Drought hit, followed by bushfires, which saw his herd reduced to 130. Then he copped a battering by the floods leaving just 105 standing.
Today he milked 30 cows that produced 600 litres of milk. It was the first milk since the floods that was able to be sent away and bottled.
"Only a few of us will have a cup of tea from that but it was a relief to get milk away," he said.
Of the remaining cows, 31 are being treated for infection, nine will "retire to hospitality" and the rest will not be milked again but will instead be put on pasture for the next 12 months.
Today much of his property is now mud and still can't be accessed.
During the floods, Mr Biega had to walk two kilometres from his house to the dairy, much of it waist deep in water to make sure his herd was safe.
"We didn't milk for four days and the consequences of not being milked is infection," Mr Biega said.
"When we could milk we couldn't dump it on the ground, it had to go back into the vat because the sludge pump and wash down hose wasn't working."
To come back online, it has been a massive task.
Mr Biega had to go through all his cows to see which ones were fit to milk and who wouldn't make the grade.
On Tuesday he took 31 samples from the infected cows to be tested and cultured to find out what bacteria each had so the appropriate medication could be implemented.
"We have identified six different bacteria on the farm from the floods, and not one penicillin can treat all of them so you have to mix and match the penicillin to the cow to fight the infection," he said.
It will take another two weeks before those cows can go back on the vat to be milked.
In the meantime, Mr Biega is looking to the future. He organised a helicopter to sow the highest point of his farm once the cattle were off it.
"It was the only way to get on the paddock without trashing it or bogging it up with tractors," he said.
"Like all dairy farmers, we need to start preparing for the winter season and planting pasture...it's already starting to germinate."
Mr Biega also has plans to rebuild his herd. He will try and buy more cows so he can be back milking 100 cows by May.
"Why do I keep doing it?
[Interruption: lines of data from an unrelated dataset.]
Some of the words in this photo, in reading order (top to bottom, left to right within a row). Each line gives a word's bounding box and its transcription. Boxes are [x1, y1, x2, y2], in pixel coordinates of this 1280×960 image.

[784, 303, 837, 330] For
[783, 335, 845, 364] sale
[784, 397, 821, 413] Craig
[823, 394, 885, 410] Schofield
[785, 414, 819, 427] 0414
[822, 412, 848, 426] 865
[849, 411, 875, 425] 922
I get asked that a lot, I suppose I have a sense of humour as you can't make a latte from Coca-Cola, it tastes horrible," he said.
"It's a lifestyle, I do this by choice, I like what I do, and yes there are downsides but there are also positives and you need to stay focused on the positives."
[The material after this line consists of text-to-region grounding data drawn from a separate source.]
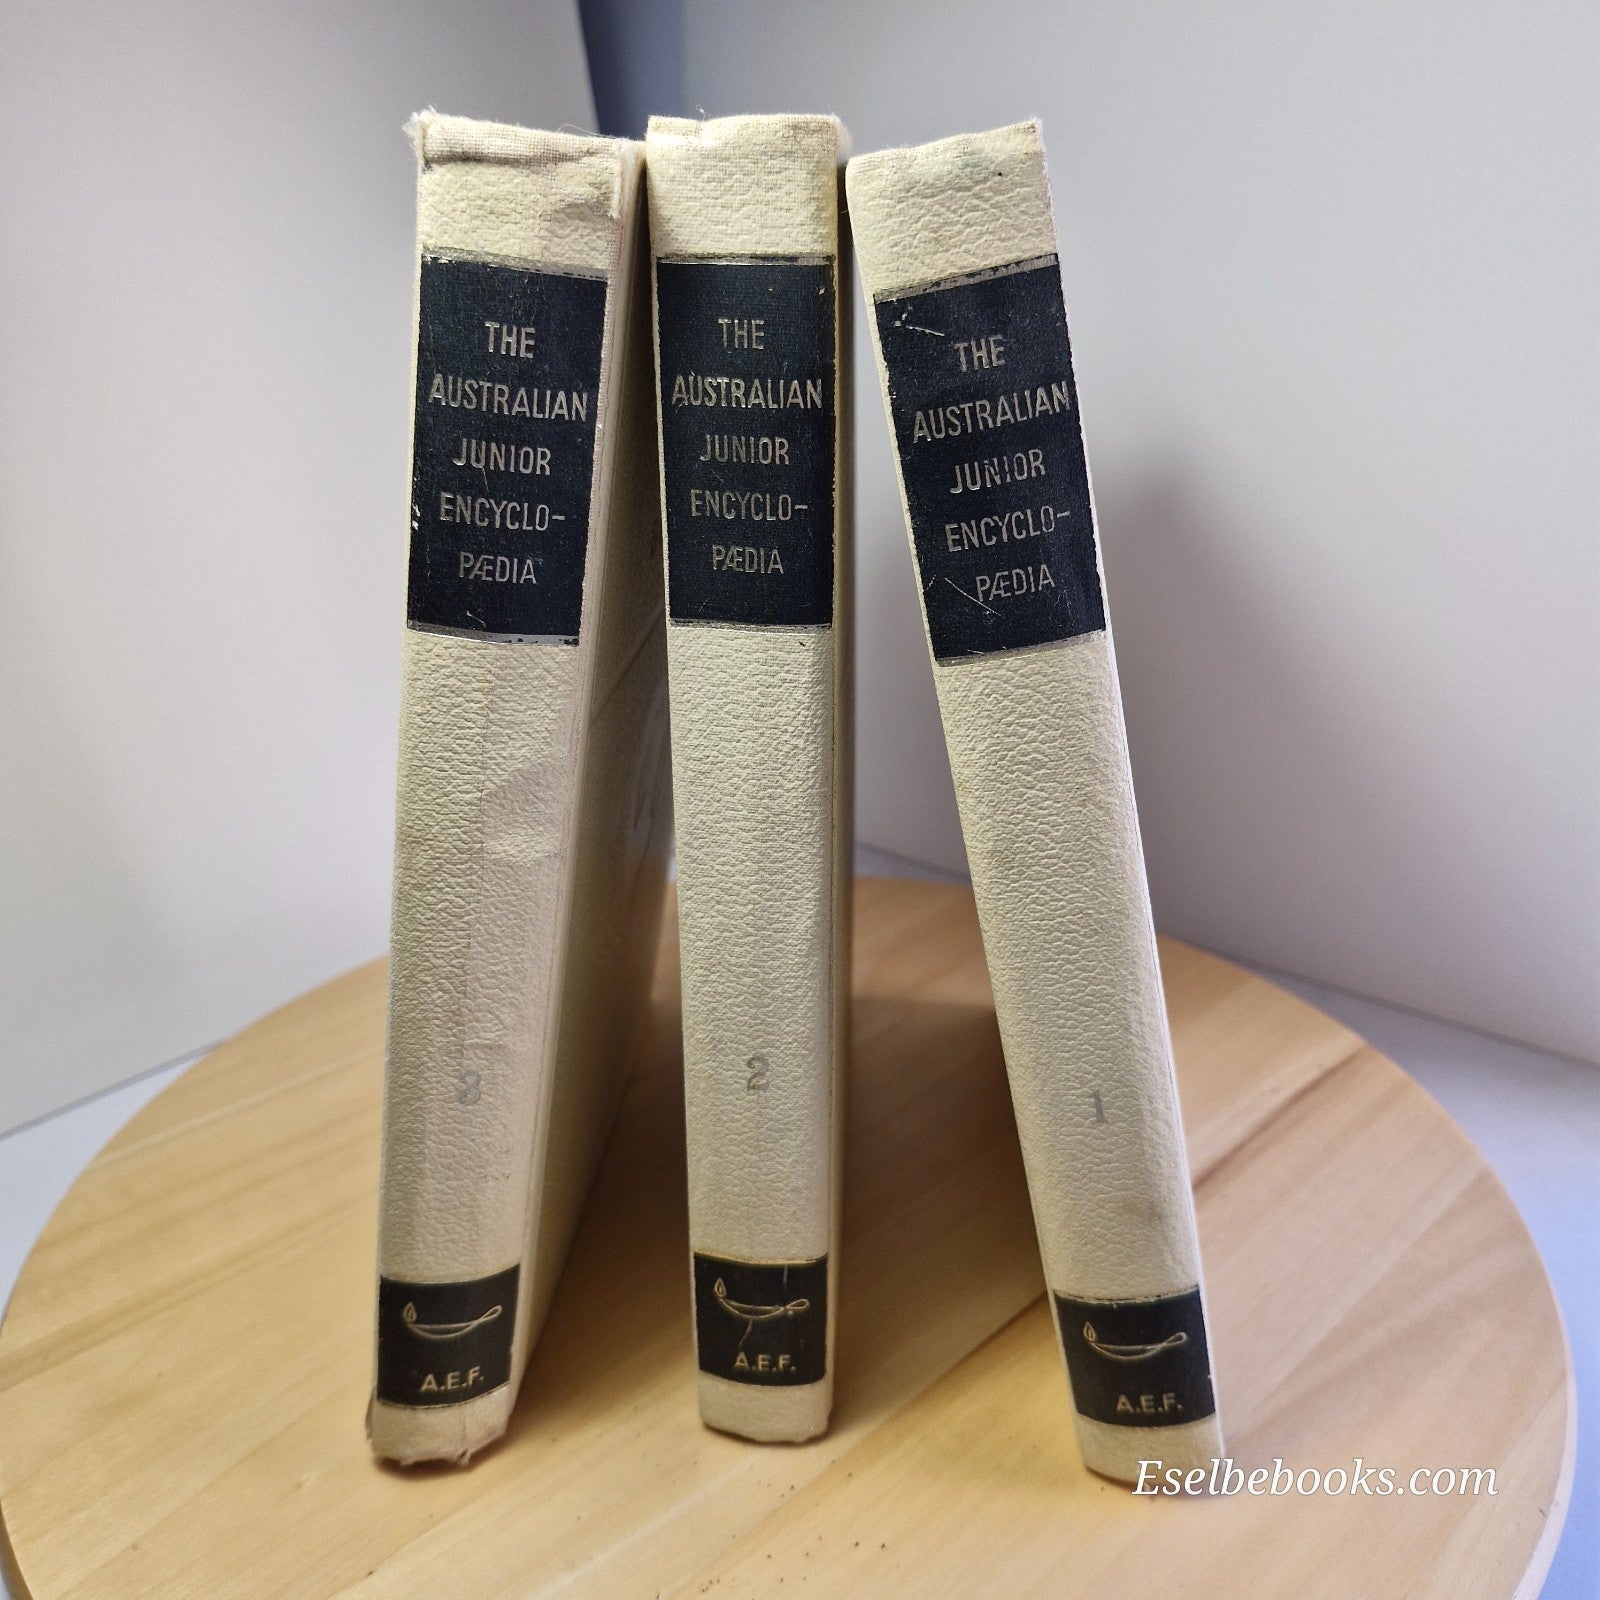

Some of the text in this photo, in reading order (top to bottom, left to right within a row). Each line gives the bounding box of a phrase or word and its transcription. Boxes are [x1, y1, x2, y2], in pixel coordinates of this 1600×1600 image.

[484, 321, 536, 359] THE
[718, 318, 765, 350] THE
[954, 335, 1006, 372] THE
[428, 373, 588, 422] AUSTRALIAN
[672, 375, 823, 409] AUSTRALIAN
[913, 380, 1071, 443] AUSTRALIAN
[452, 437, 551, 476] JUNIOR
[700, 434, 790, 465] JUNIOR
[950, 449, 1046, 494] JUNIOR
[439, 492, 566, 531] ENCYCLO-
[690, 489, 808, 521] ENCYCLO-
[944, 505, 1071, 552] ENCYCLO-
[458, 551, 538, 585] PÆDIA
[712, 544, 784, 575] PÆDIA
[976, 564, 1055, 602] PÆDIA
[746, 1055, 770, 1093] 2
[1091, 1090, 1106, 1125] 1
[420, 1366, 485, 1392] A.E.F.
[733, 1351, 797, 1372] A.E.F.
[1115, 1393, 1183, 1414] A.E.F.
WOOLWORTHS HELPS MANNING VALLEY DAIRY FARMERS RIDE OUT FLOOD IMPACTS
WOOLWORTHS will pay Manning Valley dairy farmers like Julian Biega (pictured left) for milk lost in the recent floods to help them recover from the impact, just 18 months after their properties were threatened by bushfires.
As flooding swept the NSW North Coast last week, Manning Valley dairy farmers saw their properties cut off, and in some instances, under a few feet of water.
Woolworths partners with seven dairies in the Manning Valley for its Farmers' Own label in NSW, all of which were affected including Mr Biega's farm.
While some farmers continued to milk despite water logged properties, a number were forced to discard the milk that couldn't be stored when road access to their properties was lost, or couldn't milk at all while their dairies were flooded.
To support its farmers in the immediate aftermath as they recover from the operational and personal strain brought by the floods, Woolworths will pay them for the milk they discarded or lost during the flood to ensure continuity of income over this challenging time.
Woolworths dairy category manage Denise Cotter said they were deeply invested in the partnerships with the Farmers' Own suppliers in the Manning Valley.
"We hope this practical support offers our farmers some additional certainty as the flood water recedes and they take stock of the impact in the weeks ahead," she said.